The college I attended (16,000-17,000 enrolled) and my employer (500 permanent; 900 seasonal reps) provide a unisex bathroom which we all use from time to time, and our resident transgendered students and employees usually stick to it, but when it’s occupied, they stroll a few doors down to the other restrooms with multiple stalls. So far the only people who have made a fuss have been little old ladies who gossip like the devil anyway and seem to thrive on having something to rage against.

This doesn’t have to be so hard. Don’t most of us share a bathroom with the opposite sex at home?

Hell, I used to work at a cofffeeshop on a college campus and every once in a while, they’d slap signs up on all the segregated bathrooms saying that for that day all bathrooms were unisex to remind us of the issues transgender people deal with on a regular basis that the rest of us take for granted. Civilization did not fall.

So you would err on the side of a private business firing someone for being transgendered. After all, that is freedom to administer his own employees/business.

Or does your definition of freedom mean not only to do/act how you please, but to force others to agree/submit to that?

I’ll admit that I’m playing a little bit of devil’s advocate here, but I don’t believe that every new thing coming down the pike should be forced on people as a matter of federal law.

And to answer other questions: do I have to have started hormone therapy before I am “officially” a transgendered person? What if I am in the opening stages?

I do advocate adding Trans* people to existing non-discrimination laws. Like disabilities or religion or cis-gender, transgender/transsexual is an innate characteristic that doesn’t make a difference to performance of most jobs, so discrimination on the basis of “discomfort” should be disallowed.

There are a number of threads already talking about the dangers of transexuals in gendered bathrooms. You can read those if you’re curious.

It’s really not a new thing. Women have been wearing trousers, suits, jeans, and other formerly traditionally male attired in the workplace for 50+ years now. Also shearing our hair off and forgoing make-up as it pleases us. Butch women and women who take no pains to display feminine appearances have been “passing” as plain old ordinary women for a very long time. In other words, women have been crossing your imaginary gender boundaries for longer than you’ve probably been alive and you’ve presumably accepted it without comment. Does it bother you when a short haired, bare-faced, pants wearing women waltzes into the Ladies’ like she belongs there?
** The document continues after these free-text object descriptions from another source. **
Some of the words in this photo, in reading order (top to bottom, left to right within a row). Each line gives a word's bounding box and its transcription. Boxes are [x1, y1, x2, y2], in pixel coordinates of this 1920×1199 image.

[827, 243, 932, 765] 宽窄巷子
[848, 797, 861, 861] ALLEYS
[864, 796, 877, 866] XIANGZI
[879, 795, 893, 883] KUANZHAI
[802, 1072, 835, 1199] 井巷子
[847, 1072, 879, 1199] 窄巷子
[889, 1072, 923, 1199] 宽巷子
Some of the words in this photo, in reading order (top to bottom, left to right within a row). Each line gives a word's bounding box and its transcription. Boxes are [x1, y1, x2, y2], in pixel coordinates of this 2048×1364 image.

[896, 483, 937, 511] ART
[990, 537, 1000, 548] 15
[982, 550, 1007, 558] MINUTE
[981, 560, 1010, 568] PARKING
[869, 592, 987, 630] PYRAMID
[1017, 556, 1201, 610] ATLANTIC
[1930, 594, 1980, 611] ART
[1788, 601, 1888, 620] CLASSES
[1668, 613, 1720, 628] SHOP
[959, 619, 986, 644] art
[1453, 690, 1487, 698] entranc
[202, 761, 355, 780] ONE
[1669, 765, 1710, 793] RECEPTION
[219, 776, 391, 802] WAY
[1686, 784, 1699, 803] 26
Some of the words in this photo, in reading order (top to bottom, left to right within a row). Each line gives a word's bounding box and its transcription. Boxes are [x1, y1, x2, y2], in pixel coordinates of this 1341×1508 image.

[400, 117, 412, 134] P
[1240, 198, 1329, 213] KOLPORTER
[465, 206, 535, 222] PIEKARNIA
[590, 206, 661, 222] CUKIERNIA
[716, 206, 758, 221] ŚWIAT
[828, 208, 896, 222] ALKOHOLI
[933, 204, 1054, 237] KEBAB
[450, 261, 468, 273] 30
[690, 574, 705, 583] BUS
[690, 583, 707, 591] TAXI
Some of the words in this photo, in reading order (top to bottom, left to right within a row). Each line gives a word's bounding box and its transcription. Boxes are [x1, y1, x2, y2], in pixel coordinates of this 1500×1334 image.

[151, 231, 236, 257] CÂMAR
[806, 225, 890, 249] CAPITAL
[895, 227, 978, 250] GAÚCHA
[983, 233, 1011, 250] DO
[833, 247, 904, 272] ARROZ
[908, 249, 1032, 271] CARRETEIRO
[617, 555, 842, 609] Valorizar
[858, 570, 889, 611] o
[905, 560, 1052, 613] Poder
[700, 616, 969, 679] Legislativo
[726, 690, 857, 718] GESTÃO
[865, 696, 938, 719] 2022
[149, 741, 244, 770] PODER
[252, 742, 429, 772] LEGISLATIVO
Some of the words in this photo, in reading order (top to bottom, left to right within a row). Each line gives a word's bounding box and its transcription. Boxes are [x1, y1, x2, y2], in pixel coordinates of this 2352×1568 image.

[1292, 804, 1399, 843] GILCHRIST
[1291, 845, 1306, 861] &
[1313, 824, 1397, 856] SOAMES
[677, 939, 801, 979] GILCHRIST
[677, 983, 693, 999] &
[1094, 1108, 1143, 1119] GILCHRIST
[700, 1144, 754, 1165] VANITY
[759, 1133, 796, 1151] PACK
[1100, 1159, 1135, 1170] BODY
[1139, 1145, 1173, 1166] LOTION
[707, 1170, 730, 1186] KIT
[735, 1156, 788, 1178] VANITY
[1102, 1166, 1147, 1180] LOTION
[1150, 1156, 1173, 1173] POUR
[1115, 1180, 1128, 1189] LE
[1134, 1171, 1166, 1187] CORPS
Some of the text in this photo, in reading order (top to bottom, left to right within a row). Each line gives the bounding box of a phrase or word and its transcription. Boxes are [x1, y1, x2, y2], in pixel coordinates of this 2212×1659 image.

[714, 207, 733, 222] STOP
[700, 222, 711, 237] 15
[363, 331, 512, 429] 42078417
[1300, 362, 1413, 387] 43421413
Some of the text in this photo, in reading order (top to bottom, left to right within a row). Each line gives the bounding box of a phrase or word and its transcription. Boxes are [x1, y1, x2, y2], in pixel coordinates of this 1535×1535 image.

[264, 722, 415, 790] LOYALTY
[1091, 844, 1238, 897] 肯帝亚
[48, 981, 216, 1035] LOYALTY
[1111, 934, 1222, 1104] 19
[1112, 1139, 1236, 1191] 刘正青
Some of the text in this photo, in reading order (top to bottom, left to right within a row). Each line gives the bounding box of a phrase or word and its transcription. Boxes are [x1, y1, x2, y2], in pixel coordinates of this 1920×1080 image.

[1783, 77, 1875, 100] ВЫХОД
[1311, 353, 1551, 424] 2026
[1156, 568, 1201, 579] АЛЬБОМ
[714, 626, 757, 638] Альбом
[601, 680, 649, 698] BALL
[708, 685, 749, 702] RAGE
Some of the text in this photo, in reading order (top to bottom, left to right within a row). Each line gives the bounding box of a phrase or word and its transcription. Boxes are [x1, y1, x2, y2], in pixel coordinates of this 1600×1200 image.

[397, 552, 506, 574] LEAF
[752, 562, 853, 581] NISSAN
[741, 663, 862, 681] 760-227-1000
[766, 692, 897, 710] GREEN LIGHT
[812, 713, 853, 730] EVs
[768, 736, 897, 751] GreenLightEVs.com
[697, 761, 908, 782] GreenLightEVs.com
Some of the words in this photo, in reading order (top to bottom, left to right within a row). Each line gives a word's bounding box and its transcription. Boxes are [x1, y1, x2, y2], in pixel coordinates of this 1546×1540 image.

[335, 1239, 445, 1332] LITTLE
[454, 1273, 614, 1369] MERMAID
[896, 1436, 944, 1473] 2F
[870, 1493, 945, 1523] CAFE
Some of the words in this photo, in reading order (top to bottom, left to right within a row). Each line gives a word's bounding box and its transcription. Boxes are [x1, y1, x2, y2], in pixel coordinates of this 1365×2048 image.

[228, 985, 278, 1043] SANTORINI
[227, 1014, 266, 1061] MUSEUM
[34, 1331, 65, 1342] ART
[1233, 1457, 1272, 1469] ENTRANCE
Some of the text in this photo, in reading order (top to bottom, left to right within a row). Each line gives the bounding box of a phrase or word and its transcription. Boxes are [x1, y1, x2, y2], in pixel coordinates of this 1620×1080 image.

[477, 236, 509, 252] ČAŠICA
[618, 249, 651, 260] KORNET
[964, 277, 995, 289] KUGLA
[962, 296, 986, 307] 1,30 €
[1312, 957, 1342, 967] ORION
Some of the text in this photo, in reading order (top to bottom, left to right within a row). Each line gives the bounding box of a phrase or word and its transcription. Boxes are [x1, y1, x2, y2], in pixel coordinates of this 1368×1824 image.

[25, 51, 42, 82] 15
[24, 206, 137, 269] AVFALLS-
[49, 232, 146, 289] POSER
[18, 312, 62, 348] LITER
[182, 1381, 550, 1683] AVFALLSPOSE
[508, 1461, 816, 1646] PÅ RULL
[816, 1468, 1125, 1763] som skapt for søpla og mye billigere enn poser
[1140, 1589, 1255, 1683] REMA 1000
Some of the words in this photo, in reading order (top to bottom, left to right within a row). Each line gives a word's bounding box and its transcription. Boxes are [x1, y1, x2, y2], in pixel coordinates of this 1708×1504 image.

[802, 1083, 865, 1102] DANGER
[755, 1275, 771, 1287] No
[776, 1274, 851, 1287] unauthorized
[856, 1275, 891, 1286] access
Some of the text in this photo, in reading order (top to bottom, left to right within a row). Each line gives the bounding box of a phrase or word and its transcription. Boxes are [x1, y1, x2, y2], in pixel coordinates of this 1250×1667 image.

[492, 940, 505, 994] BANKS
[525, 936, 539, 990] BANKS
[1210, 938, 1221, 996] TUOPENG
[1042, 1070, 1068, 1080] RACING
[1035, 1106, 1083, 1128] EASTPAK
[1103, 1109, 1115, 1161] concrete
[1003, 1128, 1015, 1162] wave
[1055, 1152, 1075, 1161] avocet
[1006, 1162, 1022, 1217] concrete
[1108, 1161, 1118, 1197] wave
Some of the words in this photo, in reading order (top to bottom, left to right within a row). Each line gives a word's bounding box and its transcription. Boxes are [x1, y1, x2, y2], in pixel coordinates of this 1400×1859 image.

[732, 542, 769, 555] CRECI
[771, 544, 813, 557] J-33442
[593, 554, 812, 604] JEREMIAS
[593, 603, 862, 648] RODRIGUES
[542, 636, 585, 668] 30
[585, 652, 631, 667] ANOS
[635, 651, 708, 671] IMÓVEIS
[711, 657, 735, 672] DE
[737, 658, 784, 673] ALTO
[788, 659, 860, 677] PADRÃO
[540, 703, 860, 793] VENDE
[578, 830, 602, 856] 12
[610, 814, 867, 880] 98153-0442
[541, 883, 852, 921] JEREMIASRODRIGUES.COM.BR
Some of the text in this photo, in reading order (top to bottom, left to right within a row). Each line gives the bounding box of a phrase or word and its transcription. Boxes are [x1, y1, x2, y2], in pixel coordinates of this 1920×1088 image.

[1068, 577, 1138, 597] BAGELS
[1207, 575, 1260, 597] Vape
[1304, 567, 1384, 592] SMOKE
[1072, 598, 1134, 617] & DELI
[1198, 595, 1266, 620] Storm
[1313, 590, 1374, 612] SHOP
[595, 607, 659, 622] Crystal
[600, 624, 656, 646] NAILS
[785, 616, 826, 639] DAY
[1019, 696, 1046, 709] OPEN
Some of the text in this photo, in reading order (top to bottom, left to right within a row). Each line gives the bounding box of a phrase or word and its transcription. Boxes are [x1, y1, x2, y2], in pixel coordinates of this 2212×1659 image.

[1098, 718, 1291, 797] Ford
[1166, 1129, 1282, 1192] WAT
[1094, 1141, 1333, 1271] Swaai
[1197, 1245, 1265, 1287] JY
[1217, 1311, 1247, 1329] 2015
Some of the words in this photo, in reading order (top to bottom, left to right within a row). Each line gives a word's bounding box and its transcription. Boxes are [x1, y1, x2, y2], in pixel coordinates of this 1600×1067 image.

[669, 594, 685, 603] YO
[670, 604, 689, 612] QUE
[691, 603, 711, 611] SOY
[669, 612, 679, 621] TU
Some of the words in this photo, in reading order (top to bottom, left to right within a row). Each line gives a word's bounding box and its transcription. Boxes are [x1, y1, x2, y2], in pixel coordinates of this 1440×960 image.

Isn’t the business owner forcing other people to do what he thinks by threatening to fire them if they do otherwise?

There are dozens of employees and one employer. Why should the employer’s rights be superior to all of the employees’ rights? Shouldn’t a system be designed to protect the rights of the most people in the group rather than to protect the rights of the richest individual in the group?

Just what it sounds like - to change one’s gender identification in public, and also in private depending on how you define it.

My transition went textbook-perfectly. I’d give the details here but I don’t think it’s of interest to this thread. Suffice to say it involves months or years (in my case) of studying and planning, learning about the experiences of others, being open and honest, working with HR, approaching your co-workers directly first, having backup plans and backup-backup plans, and behaving politely, professionally, and being willing to compromise.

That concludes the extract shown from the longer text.